Foi possível observar uma relação da fatalidade em acidentes com motocicletas com o tipo de veículo envolvido18,19, quando se demonstra o envolvimento de moto e veículo pesado, que neste estudo atingiu a prevalência de 33,0%.

A colisão foi um dos eventos mais frequentes7,13,18,19, geralmente ocasionando lesões mais graves, tais como o politraumatismo. Na colisão, o mecanismo do trauma envolve a absorção de toda a energia gerada no impacto por parte da superfície corpórea do motociclista, quer quando de encontro com a via pública, quer com outros objetos da via ou outros veículos13.
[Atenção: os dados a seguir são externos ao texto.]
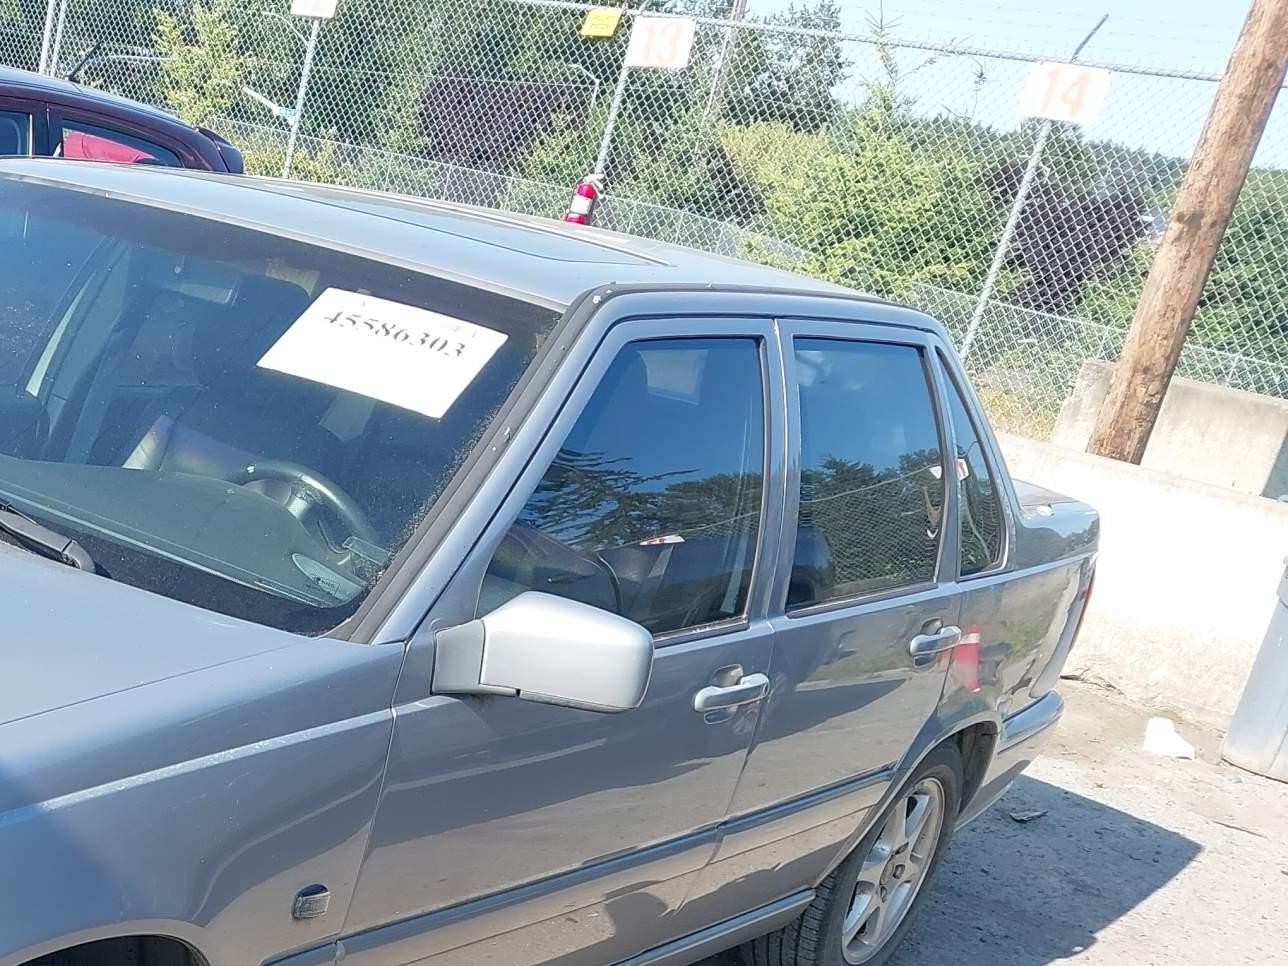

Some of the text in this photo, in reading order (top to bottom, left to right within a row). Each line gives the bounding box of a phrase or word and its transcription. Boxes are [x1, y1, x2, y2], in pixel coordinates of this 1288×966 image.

[642, 21, 681, 64] 13
[1039, 65, 1090, 117] 14
[323, 311, 466, 357] 45586303
A utilização do capacete em nosso estudo foi menor que a encontrada no Piauí7 e em Fortaleza-CE13. É um consenso na literatura de que os motociclistas sem capacete apresentam duas vezes mais chances de lesionamento dos que os motociclistas com capacete7.

Diferente da maioria dos estudos1,2,6,10,20 que apontam as condições de infraestrutura viária, de luminosidade e as meteorológicas como contribuintes para o aumento da ocorrência, de gravidade e de letalidade dos acidentes com motocicleta, este estudo evidenciou que, no Recife, a maioria dos locais de ocorrência de acidentes fatais foram vias secas e com pavimentação, consideradas em estado de conservação de bom a ótimo e com visibilidade satisfatória, similar ao encontrado no Paraná19.

O trimestre de maior ocorrência de acidentes fatais foi de abril a junho. Atribuiu-se ao fato de serem os meses de ocorrência de chuvas intermitentes na capital pernambucana, mas as condições referentes às vias envolvidas rebatem esta possibilidade e incentivam a uma investigação mais acurada sobre a distribuição de ocorrência durante os meses do ano.

Quanto aos dias da semana, o achado deste estudo é dissonante com o desenvolvido em Fortaleza13, cuja maior porcentagem de ocorrência foi nos fins de semana. Entretanto, no Rio de Janeiro10, os acidentes obtiveram maior porcentagem na segunda e terça-feira.

Com relação ao local da lesão produzida, dos 88 acidentes motociclísticos fatais registrados em Recife, 35 (39,7%) apresentaram lesões faciais, envolvendo tecidos moles e duros em 92% dos casos. Situação semelhante foi encontrada em Sergipe5, em 2006, sendo que 554 acidentes fatais produziram 625 lesões, das quais 224 acometeram a face (36%). Por outro lado, no Ceará13, em 2005, de 306 lesões apenas 14 foram traumas faciais (4,6%). Apesar das diferenças encontradas por cidade, a face é a região anatômica que aparece como o segundo local mais atingido na maioria dos estudos epidemiológicos, ficando atrás somente de lesões de membros e pelve, locais mais acometidos por ser a colisão geralmente frontal ou lateral. Considerando a localização das lesões na face, observou-se ainda nesta pesquisa que o terço inferior foi atingido em 17 dos 35 casos. Escoriações e feridas contusas foram os tipos de lesões mais comuns (37,5%), corroborando com Sergipe5, com 55,8% de registros.

 

CONCLUSÕES

Os dados obtidos no presente estudo trouxeram conhecimento sobre a natureza e alguns fatores relacionados aos acidentes com motociclistas e, dentre outras informações, que o envolvimento facial nos traumas físicos decorrentes das colisões é considerável, sugerindo para a importância do cirurgião Buco-Maxilo-Facial no apoio aos indivíduos acometidos por esse tipo de trauma quando não ocorrer a fatalidade.